BEGIN Supplied data

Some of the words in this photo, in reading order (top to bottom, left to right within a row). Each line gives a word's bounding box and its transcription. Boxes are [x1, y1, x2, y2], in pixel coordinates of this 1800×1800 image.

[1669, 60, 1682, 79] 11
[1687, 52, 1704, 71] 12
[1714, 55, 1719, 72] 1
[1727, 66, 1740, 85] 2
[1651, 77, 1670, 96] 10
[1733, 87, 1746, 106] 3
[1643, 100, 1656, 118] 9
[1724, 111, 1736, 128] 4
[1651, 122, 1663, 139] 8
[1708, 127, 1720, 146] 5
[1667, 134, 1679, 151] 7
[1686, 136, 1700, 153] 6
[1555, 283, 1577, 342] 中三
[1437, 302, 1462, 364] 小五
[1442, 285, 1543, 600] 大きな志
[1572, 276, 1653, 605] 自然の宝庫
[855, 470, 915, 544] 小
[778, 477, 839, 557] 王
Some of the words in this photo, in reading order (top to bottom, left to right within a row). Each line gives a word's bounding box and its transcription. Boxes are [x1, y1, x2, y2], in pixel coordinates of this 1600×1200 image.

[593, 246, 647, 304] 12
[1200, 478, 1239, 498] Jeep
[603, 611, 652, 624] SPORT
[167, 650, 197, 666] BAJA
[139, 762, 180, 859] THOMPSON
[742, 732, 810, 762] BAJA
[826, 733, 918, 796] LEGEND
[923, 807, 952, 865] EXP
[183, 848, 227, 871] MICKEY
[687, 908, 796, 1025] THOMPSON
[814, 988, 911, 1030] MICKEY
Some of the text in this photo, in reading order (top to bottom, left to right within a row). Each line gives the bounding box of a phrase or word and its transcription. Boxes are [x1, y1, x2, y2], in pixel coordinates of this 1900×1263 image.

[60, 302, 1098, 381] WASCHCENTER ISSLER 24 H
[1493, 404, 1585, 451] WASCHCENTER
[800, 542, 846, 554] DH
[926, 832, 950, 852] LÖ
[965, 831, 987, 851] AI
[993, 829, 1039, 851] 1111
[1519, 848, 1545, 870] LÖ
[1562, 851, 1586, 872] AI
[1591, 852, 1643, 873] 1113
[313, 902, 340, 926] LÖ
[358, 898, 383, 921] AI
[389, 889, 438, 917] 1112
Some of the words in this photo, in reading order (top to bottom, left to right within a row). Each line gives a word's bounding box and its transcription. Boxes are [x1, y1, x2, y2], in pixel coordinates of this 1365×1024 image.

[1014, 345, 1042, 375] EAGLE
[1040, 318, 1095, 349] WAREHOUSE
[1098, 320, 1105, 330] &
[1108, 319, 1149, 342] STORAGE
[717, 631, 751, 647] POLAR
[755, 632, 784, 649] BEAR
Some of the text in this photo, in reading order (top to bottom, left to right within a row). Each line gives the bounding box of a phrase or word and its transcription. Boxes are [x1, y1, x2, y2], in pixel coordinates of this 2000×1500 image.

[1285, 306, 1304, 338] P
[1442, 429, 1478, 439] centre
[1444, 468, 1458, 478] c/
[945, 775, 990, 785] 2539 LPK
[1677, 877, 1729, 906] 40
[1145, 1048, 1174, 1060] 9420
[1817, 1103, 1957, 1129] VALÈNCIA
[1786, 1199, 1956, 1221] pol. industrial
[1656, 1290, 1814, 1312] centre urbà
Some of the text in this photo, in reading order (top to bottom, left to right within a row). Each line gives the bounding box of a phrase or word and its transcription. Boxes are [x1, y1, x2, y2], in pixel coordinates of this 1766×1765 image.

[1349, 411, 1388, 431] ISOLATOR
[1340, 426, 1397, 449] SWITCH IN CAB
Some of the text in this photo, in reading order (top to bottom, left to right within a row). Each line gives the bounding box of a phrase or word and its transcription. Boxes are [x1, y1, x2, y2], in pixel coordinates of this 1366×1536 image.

END Supplied data

Word for word, transcribe all of the material.

> Task output
Some of the words in this photo, in reading order (top to bottom, left to right within a row). Each line gives a word's bounding box and its transcription. Boxes are [x1, y1, x2, y2], in pixel coordinates of this 1800×1800 image.

[1669, 60, 1682, 79] 11
[1687, 52, 1704, 71] 12
[1714, 55, 1719, 72] 1
[1727, 66, 1740, 85] 2
[1651, 77, 1670, 96] 10
[1733, 87, 1746, 106] 3
[1643, 100, 1656, 118] 9
[1724, 111, 1736, 128] 4
[1651, 122, 1663, 139] 8
[1708, 127, 1720, 146] 5
[1667, 134, 1679, 151] 7
[1686, 136, 1700, 153] 6
[1555, 283, 1577, 342] 中三
[1437, 302, 1462, 364] 小五
[1442, 285, 1543, 600] 大きな志
[1572, 276, 1653, 605] 自然の宝庫
[855, 470, 915, 544] 小
[778, 477, 839, 557] 王
Some of the words in this photo, in reading order (top to bottom, left to right within a row). Each line gives a word's bounding box and its transcription. Boxes are [x1, y1, x2, y2], in pixel coordinates of this 1600×1200 image.

[593, 246, 647, 304] 12
[1200, 478, 1239, 498] Jeep
[603, 611, 652, 624] SPORT
[167, 650, 197, 666] BAJA
[139, 762, 180, 859] THOMPSON
[742, 732, 810, 762] BAJA
[826, 733, 918, 796] LEGEND
[923, 807, 952, 865] EXP
[183, 848, 227, 871] MICKEY
[687, 908, 796, 1025] THOMPSON
[814, 988, 911, 1030] MICKEY
Some of the text in this photo, in reading order (top to bottom, left to right within a row). Each line gives the bounding box of a phrase or word and its transcription. Boxes are [x1, y1, x2, y2], in pixel coordinates of this 1900×1263 image.

[60, 302, 1098, 381] WASCHCENTER ISSLER 24 H
[1493, 404, 1585, 451] WASCHCENTER
[800, 542, 846, 554] DH
[926, 832, 950, 852] LÖ
[965, 831, 987, 851] AI
[993, 829, 1039, 851] 1111
[1519, 848, 1545, 870] LÖ
[1562, 851, 1586, 872] AI
[1591, 852, 1643, 873] 1113
[313, 902, 340, 926] LÖ
[358, 898, 383, 921] AI
[389, 889, 438, 917] 1112
Some of the words in this photo, in reading order (top to bottom, left to right within a row). Each line gives a word's bounding box and its transcription. Boxes are [x1, y1, x2, y2], in pixel coordinates of this 1365×1024 image.

[1014, 345, 1042, 375] EAGLE
[1040, 318, 1095, 349] WAREHOUSE
[1098, 320, 1105, 330] &
[1108, 319, 1149, 342] STORAGE
[717, 631, 751, 647] POLAR
[755, 632, 784, 649] BEAR
Some of the text in this photo, in reading order (top to bottom, left to right within a row). Each line gives the bounding box of a phrase or word and its transcription. Boxes are [x1, y1, x2, y2], in pixel coordinates of this 2000×1500 image.

[1285, 306, 1304, 338] P
[1442, 429, 1478, 439] centre
[1444, 468, 1458, 478] c/
[945, 775, 990, 785] 2539 LPK
[1677, 877, 1729, 906] 40
[1145, 1048, 1174, 1060] 9420
[1817, 1103, 1957, 1129] VALÈNCIA
[1786, 1199, 1956, 1221] pol. industrial
[1656, 1290, 1814, 1312] centre urbà
Some of the text in this photo, in reading order (top to bottom, left to right within a row). Each line gives the bounding box of a phrase or word and its transcription. Boxes are [x1, y1, x2, y2], in pixel coordinates of this 1766×1765 image.

[1349, 411, 1388, 431] ISOLATOR
[1340, 426, 1397, 449] SWITCH IN CAB
Some of the text in this photo, in reading order (top to bottom, left to right within a row). Each line gives the bounding box of a phrase or word and its transcription. Boxes are [x1, y1, x2, y2], in pixel coordinates of this 1366×1536 image.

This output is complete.